—Voici la bouée de l'ancre du brick, dit à demi-voix Rodriguez, lorsqu'il se voit rendu à une encâblure du bâtiment qu'il veut aborder. Levons son ancre!

—Non, non, répond un des forbans, il n'est pas nécessaire: et un large coutelas à la main, cet homme plonge le long de l'orin: il coupe le câble du brick à l'étalingure, puis il revient sur l'eau au bout ce quelques minutes, son coutelas à la main: Les premiers mots qu'il profère, sont: le brick est en dérive; sautons à bord.

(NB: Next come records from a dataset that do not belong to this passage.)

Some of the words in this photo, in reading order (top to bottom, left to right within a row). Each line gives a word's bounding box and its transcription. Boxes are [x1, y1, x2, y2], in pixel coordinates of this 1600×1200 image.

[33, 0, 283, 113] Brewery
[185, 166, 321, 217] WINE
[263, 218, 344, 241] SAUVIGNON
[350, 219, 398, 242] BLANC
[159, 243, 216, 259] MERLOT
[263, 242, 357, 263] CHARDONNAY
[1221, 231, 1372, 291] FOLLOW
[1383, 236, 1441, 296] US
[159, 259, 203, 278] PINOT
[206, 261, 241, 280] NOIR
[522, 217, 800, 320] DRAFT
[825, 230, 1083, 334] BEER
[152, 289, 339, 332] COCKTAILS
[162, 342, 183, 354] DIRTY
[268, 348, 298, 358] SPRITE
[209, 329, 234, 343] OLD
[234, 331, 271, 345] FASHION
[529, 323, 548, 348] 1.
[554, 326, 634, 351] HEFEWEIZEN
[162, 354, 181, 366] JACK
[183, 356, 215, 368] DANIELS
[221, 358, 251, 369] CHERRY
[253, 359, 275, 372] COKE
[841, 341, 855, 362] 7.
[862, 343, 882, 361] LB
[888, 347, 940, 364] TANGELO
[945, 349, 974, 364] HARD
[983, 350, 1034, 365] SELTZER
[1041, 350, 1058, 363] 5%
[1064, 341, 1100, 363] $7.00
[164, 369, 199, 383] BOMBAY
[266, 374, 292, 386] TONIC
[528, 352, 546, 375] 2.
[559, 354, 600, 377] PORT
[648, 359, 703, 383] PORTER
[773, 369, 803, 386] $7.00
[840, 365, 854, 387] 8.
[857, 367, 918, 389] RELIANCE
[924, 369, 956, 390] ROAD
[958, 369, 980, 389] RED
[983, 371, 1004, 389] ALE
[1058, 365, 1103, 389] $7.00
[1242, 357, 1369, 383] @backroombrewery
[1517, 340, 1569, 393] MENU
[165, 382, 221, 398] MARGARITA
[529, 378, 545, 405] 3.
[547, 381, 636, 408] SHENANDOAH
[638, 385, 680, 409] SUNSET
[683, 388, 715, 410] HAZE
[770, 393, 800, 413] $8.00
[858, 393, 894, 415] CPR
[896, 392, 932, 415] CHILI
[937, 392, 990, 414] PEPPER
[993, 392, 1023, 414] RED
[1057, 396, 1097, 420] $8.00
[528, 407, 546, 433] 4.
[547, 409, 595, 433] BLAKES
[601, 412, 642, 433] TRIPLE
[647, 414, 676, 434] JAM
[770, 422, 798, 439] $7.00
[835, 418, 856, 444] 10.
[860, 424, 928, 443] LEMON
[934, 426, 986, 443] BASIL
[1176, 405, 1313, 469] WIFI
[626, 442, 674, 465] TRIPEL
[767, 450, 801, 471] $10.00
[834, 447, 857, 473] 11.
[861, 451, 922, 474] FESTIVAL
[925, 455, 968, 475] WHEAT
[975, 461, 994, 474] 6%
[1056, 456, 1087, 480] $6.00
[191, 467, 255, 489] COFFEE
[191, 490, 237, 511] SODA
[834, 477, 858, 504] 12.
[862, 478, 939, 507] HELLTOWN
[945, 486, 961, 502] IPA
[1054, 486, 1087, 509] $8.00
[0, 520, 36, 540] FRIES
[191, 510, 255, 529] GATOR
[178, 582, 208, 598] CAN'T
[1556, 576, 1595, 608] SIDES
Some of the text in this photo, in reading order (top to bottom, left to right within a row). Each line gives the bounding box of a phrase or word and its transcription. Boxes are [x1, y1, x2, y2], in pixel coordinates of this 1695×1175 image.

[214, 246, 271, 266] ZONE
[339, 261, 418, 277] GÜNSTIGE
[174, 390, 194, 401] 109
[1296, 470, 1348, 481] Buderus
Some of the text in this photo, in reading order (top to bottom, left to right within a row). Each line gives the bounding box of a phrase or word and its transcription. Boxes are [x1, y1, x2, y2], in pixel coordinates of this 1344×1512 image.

Les radeaux aidés par les pagayes avec lesquelles rament les forbans, avancent plus vite que le brick ne dérive. Rendus à toucher presque le navire, ils entendent crier à bord de l'ennemi: Nous dérivons, nous dérivons, notre ancre chasse! Cette confusion de voix double répandu parmi l'équipage, portent la joie au coeur palpitant des renégats; mais pas un mot n'échappe à leurs bouches haletantes. A bord du brick on prépare, avec embarras, une autre ancre pour la laisser tomber. C'est lorsque cette ancre de veille descend dans l'onde, et que le câble roule sur son écubier, que les matelots espagnols, perchés sur l'avant, aperçoivent les quartiers-marrons qui les abordent. Ils crient, il n'est plus temps; ils s'arment avec précipitation, il n'est plus temps; ils tirent quelques coups de fusil, il n'est plus temps, il n'est plus temps! Rodriguez, lance sur le pont ennemi quelques grenades enflammées, qui répandent, avec leur effrayante clarté, la confusion et la peur sur les visages des marins espagnols. Le poignard à la bouche, le pistolet au poing, les renégats grimpant par la poulaine, par les porte-haubans de saine; ils glissent, rampants comme des crocodiles, par les sabords que remplissent les gueules de caronades prêtes à faire feu sur eux; répondent sourdement aux coups de poignard, les coups de pique au feu des pistolets; les Espagnols se massacrent entre eux, croyant frapper leurs assaillants; les assaillants, qui ont jeté leurs bonnets à la mer, pour mieux se reconnaître dans la mêlée, frappent tous ceux qui ont la tête couverte. Les panneaux sont ouverts: les Espagnols fuient, s'engouffrent partout où ils trouvent une issue, et le pont n'est encombré bientôt que de forbans à la tête nue. La voix tonnante de Rodriguez se fait entendre la première après ce moment de carnage: A nous le brick! s'écrie-t-il: allumez les fanaux!...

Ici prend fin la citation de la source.